"Enough is enough": More than 100 joined peaceful vigil in Cloquet to honor George Floyd

Newly named Cloquet police chief joins vigil, says work needs to be done to put an end to police violence.

Shawn Carr (from left) of Duluth, Cloquet chief of police Derek Randall and Taysha Martineau of the Fond du Lac Band of Lake Superior Chippewa take a knee for nine minutes Saturday during a rally demanding justice for George Floyd at the Cloquet City Hall. (Clint Austin /

More than 100 people gathered Saturday in Cloquet to pray, hold space and protest against systemic racism and police violence in the name of George Floyd, including Derek Randall, who was named to chief of the Cloquet Police Department on Tuesday.

The vigil began with speeches and prayer at Veterans Memorial Park where people held signs that read "all lives matter when black lives matter," "white silence is violence" and "no justice no peace."

Lavendar Nelms (from left), 3, Melinda Nelms and her twin sister Jubilee Nelms hold signs Saturday during a rally demanding justice for George Floyd at Veterans Memorial Park in Cloquet. (Clint Austin /

Later, the crowd marched to the Cloquet Police Department, where event organizer Taysha Martineau of Cloquet asked Randall to kneel with her while leading a moment of silence for eight minutes and 46 seconds, the amount of time George Floyd could not breathe under the knee of a Minneapolis police officer.


"Today I'm here with police officers because we need to abolish hatred on a fundamental level," Martineau said.

She referred to herself as an indigenous rights activist and anarchist who decided to put aside her own politics and feelings after Randall showed up at her door days before the protest to tell her he was interested in joining the event.

"We need to be brave enough to hold ourselves accountable and look inside ourselves," Martineau said. "I had to do that just for today to happen because like Derek said when he came to my door I was like, 'Oh my God' ... Today has definitely contributed to growth in our community."

Randall said when he read about the event and its mission online, he realized that the change he wants to see is the same change that Martineau and her group, the Gitchigumi Scouts, were asking for.

"I'm very grateful for our city and I'm very grateful for the citizens, especially you folks that have stepped up and said, 'Enough is enough and we need to address this issue,'" Randall said.

Randall told the crowd that the department is looking into steps that need to be taken in order to ensure that what happened to Floyd doesn't happen in Cloquet.


He added: "One thing that I've realized is that it's really hard to treat somebody disrespectfully, to harm them, to be rude when you know them."

Cloquet chief of police Derek Randall speaks Saturday during a rally demanding justice for George Floyd at Cloquet City Hall.

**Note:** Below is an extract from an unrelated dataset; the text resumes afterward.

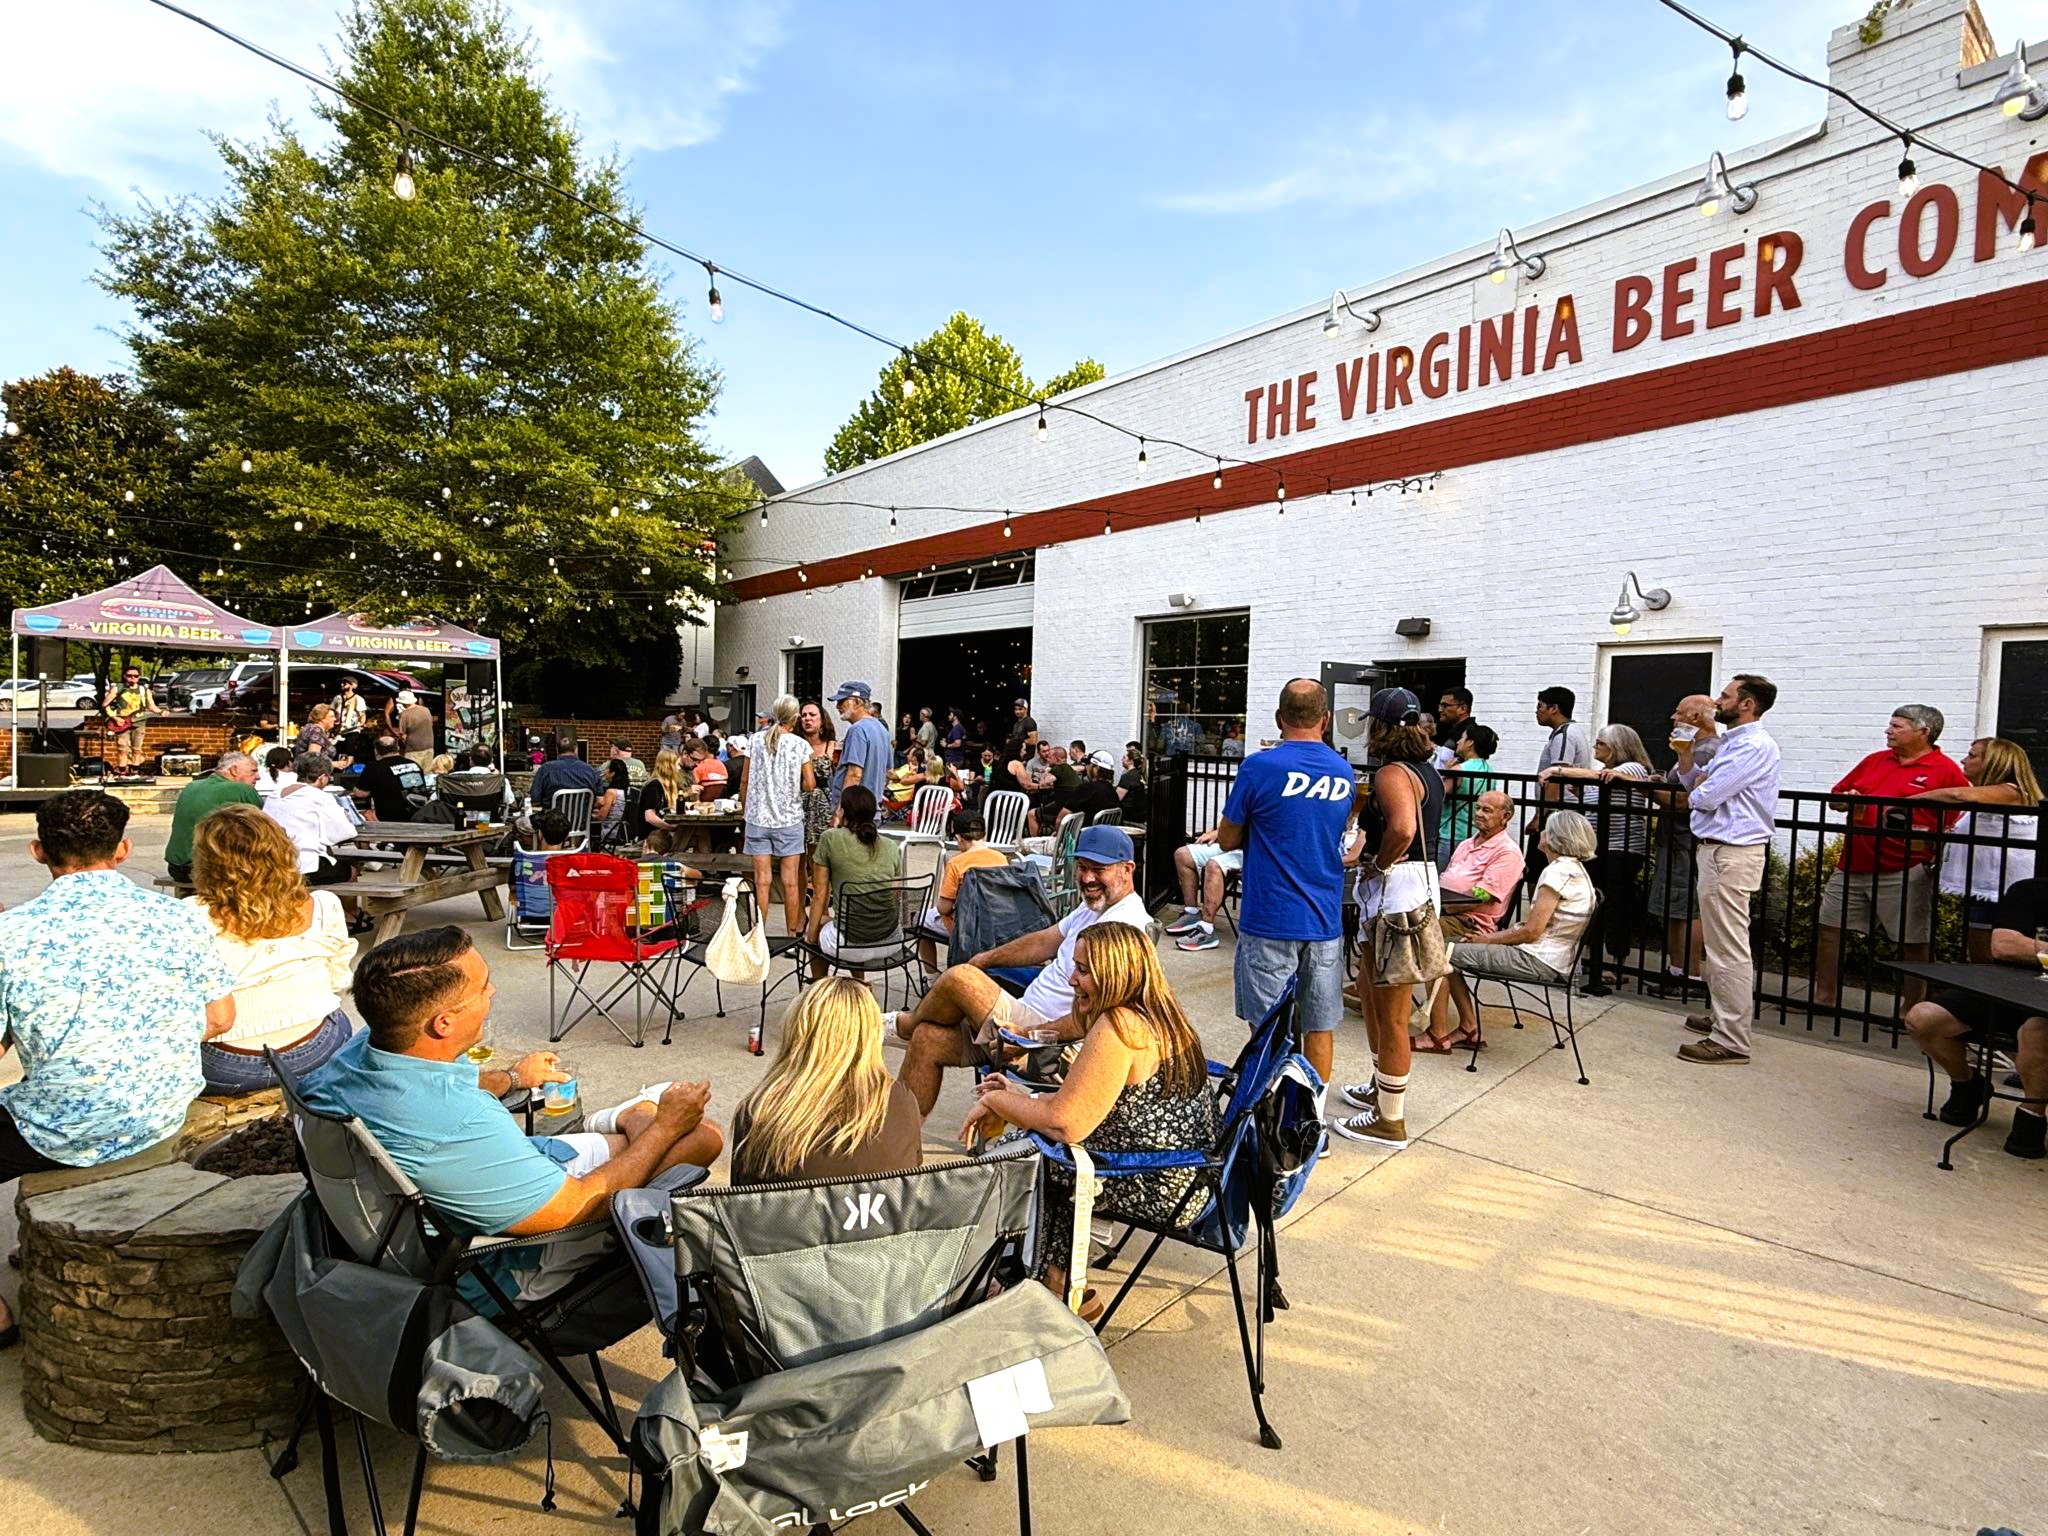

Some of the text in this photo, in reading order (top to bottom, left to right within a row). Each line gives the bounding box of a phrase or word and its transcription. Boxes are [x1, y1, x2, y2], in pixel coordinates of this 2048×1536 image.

Floyd, a black man, died while in the custody of the Minneapolis Police Department last month. (Clint Austin /

The eight minutes of silence representing the amount of time Floyd couldn't breathe was a somber and difficult moment for many.

"When George Floyd called out for his mama he summoned a sacred power and every life giver in America heard that," Martineau said.

Marit Williams of Hermantown attended Saturday's vigil with a friend to advocate for justice for the people who have lost their lives to police brutality. It wasn't the first time she joined a gathering in the name of George Floyd and it won't be the last.

"I think there's a lot of misconceptions," Williams said. "Rioting is getting more attention that the protesting."


Marit Williams of Hermantown speaks Saturday during a rally demanding justice for George Floyd at the Cloquet City Hall. (Clint Austin /

Williams said that the arrests and charges against the four police officers who were on the scene at the time of Floyd's killing is a sign that the protests are working.

Ray "Skip" Sandman of Duluth was one of a handful of people to speak at the beginning of the vigil.

"This country is the greatest country in the world, this city is a great city, but yet it happens here, too," Sandman said. "It needs to stop. We need to become unified. We need to speak in one voice: enough is enough."

Anishinaabe spiritual leader Ray "Skip" Sandman of Duluth gestures while speaking Saturday during a rally demanding justice for George Floyd at Veterans Memorial Park in Cloquet. (Clint Austin /

Although she's been doing her best to stay home during the COVID-19 pandemic, Lyz Jaakola of Cloquet said that it was too important for her not to attend the vigil.

"It's that important that we are here together talking about this," Jaakola said, emphasizing the word 'together.' "Even though the rest of Cloquet is not here, you're going to go back and talk and you're going to go back and talk."


Many people in attendance focused on the need for conversations surrounding white privilege and systematic racism to continue when protests and other events are not taking place.

Saturday's event ended with Martineau calling on all participants to wash their hands upon returning home and get tested for COVID-19 in order to protect the community.